Un cine que aflora en experiencias muy cercanas a la cineasta que, represando el patetismo de la tragedia que albergan, destila imágenes de meridiana precisión donde los gestos, el movimiento de los cuerpos y los lugares ponen en circulación íntimas resonancias, donde la escritura deviene pespunte de miradas que enhebran filiaciones; bastan la rimas de unos puentes, de unos árboles desde un tren, del silencio de unas miradas, de unos paseos solitarios entre el primer tramo y el último de la película para decir cuanto es decible sobre los lazos inefables entre un padre y una hija.

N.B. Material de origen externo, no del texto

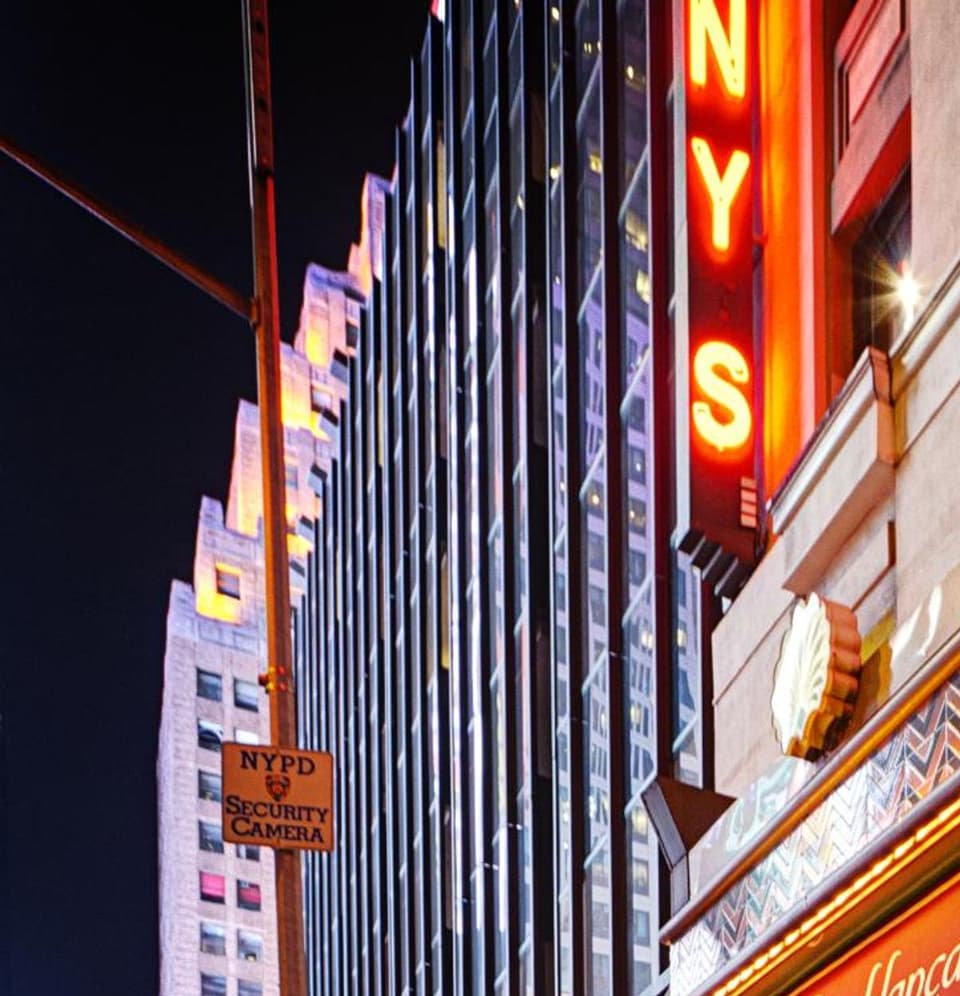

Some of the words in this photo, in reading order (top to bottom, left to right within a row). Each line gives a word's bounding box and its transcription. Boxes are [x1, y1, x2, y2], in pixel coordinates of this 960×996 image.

[240, 750, 316, 776] NYPD
[226, 794, 329, 824] SECURITY
[231, 816, 325, 843] CAMERA
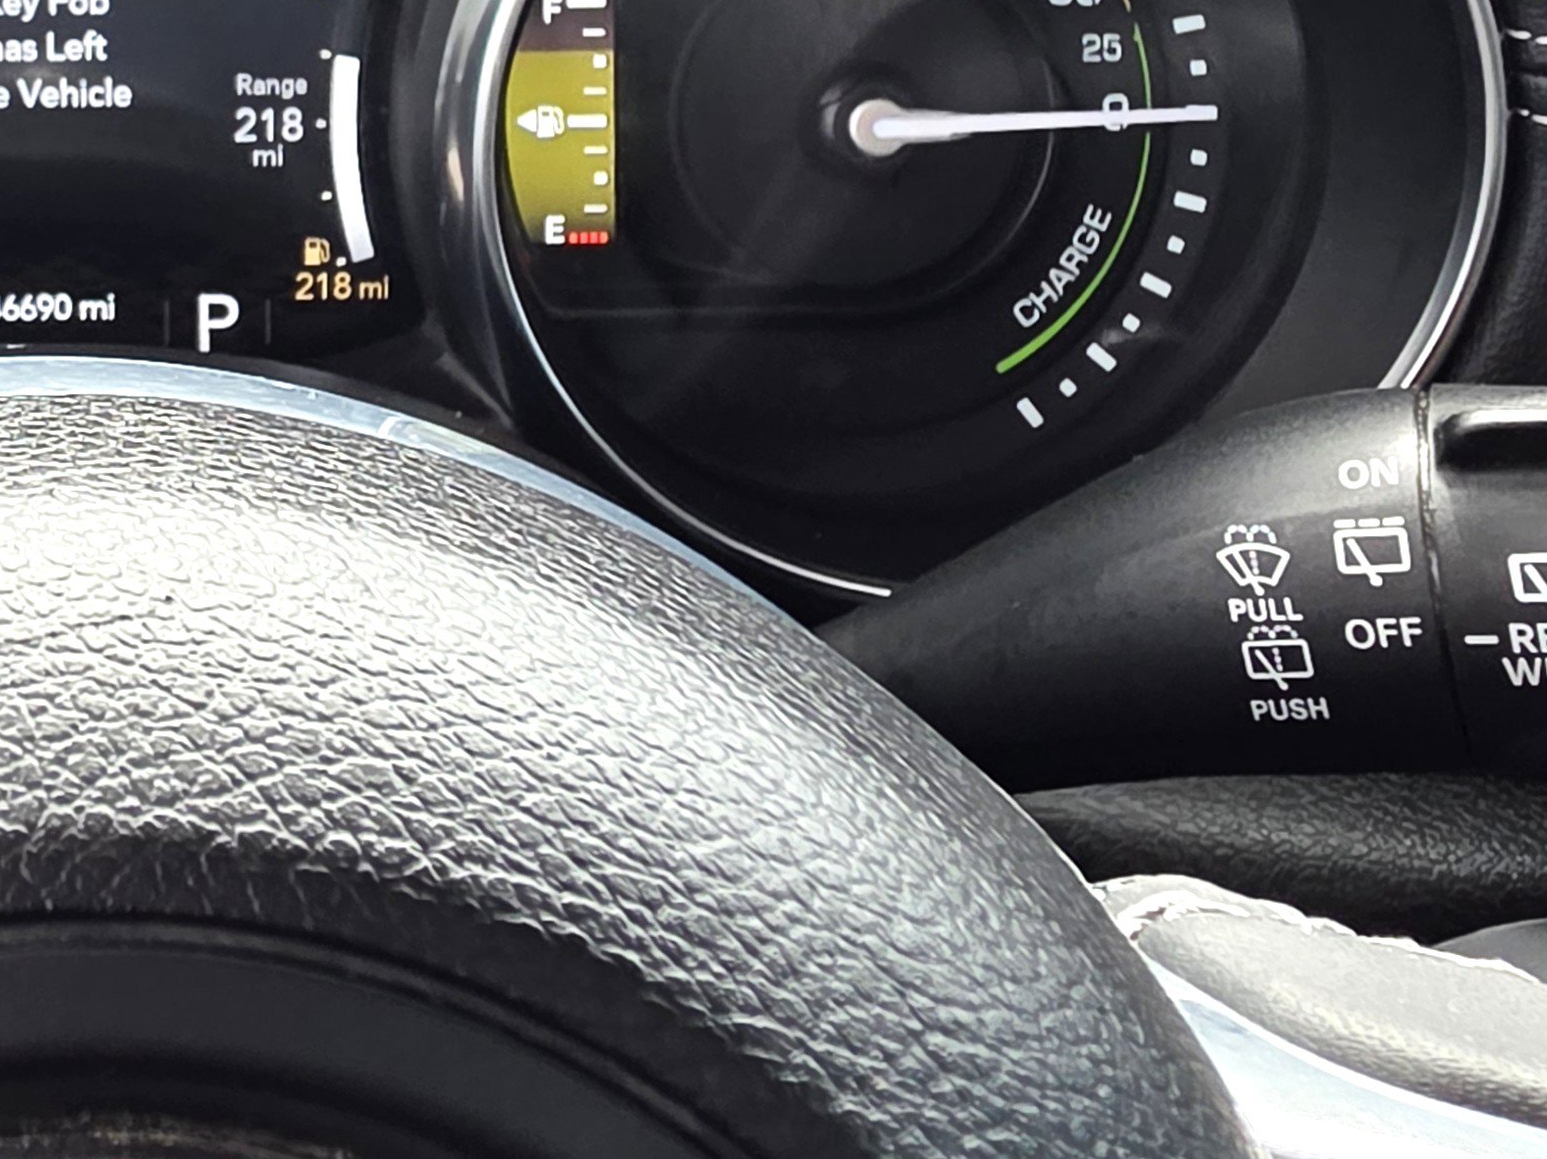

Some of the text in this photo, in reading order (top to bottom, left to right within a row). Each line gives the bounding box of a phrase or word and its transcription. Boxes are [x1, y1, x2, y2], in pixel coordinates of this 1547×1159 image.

[46, 30, 107, 62] Left
[1082, 34, 1121, 62] 25
[16, 76, 132, 108] Vehicle
[236, 73, 307, 99] Range
[234, 107, 303, 143] 218
[1101, 93, 1130, 131] 0
[253, 144, 283, 166] mi
[545, 214, 565, 244] E
[1012, 204, 1112, 328] CHARGE
[295, 272, 388, 300] 218 mi
[79, 293, 115, 320] mi
[198, 293, 239, 352] P
[1339, 457, 1399, 489] ON
[1228, 597, 1303, 622] PULL
[1345, 617, 1422, 649] OFF
[1250, 697, 1329, 720] PUSH
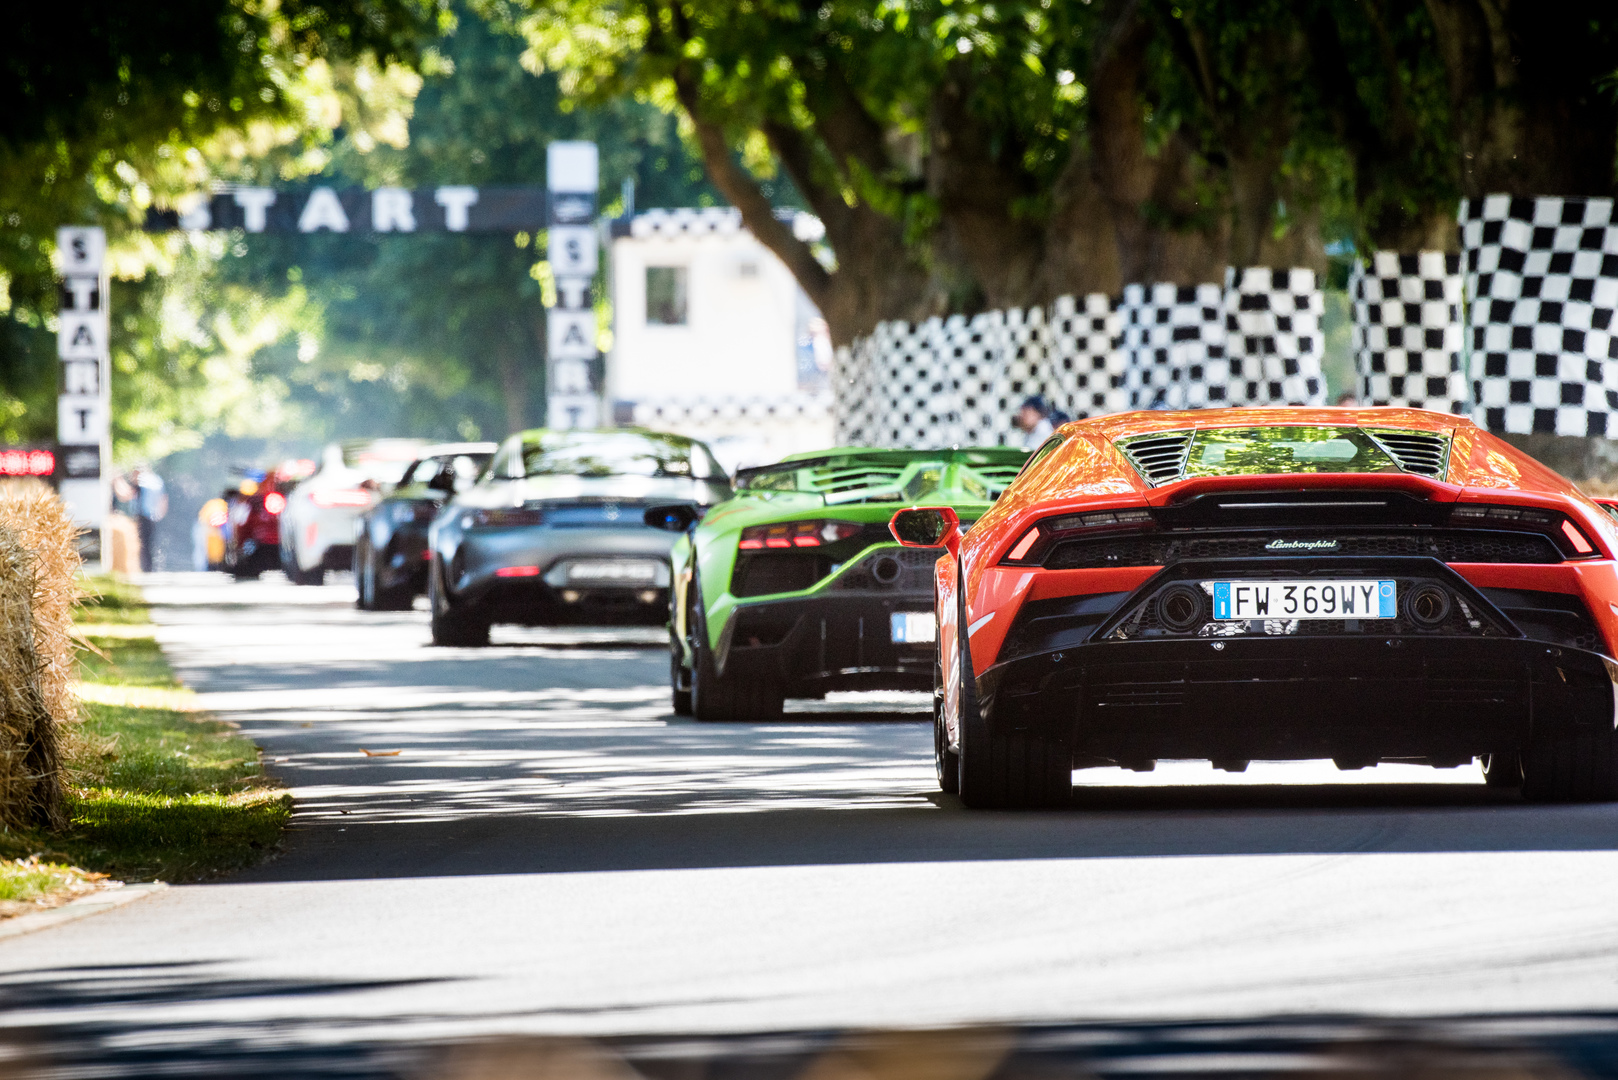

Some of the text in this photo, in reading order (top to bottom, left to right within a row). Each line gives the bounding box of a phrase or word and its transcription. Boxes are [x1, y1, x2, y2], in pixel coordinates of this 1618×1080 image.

Mia Hansen-Love y el director de fotografía Pascal Auffray 
en el rodaje de Todo está perdonado

Todo está perdonado teje los mimbres del melodrama (drogas, sobredosis, ruptura familiar...) pero nada menos convulso y desgarrado que la película de Mia Hansen-Love, cuya mirada serena y luminosa nos permite encontrar en el curso de unas imágenes -que llevan inscrito el peso del tiempo- una milagrosa y recóndita armonía.



Historias de padres e hijos, de duelo y redención, de la alegría y el dolor de vivir y de la angustia de crecer, de hacerse cargo de la memoria de los padres y hacerle sitio en la nuestra, de las heridas y cicatrices, de volver y de encontrar, de la primera mirada y de la última, de la belleza y de la melancolía.


Cine de lo visible que no debe ser olvidado pero donde encuentra su eco lo invisible, en ese retrato femenino que deviene un legado, donde cobra forma lo que se ha recibido. Películas, en fin, que se religan con el mejor cine francés, prendas ellas mismas de la memoria, filiación y herencia en el aquel de filmar.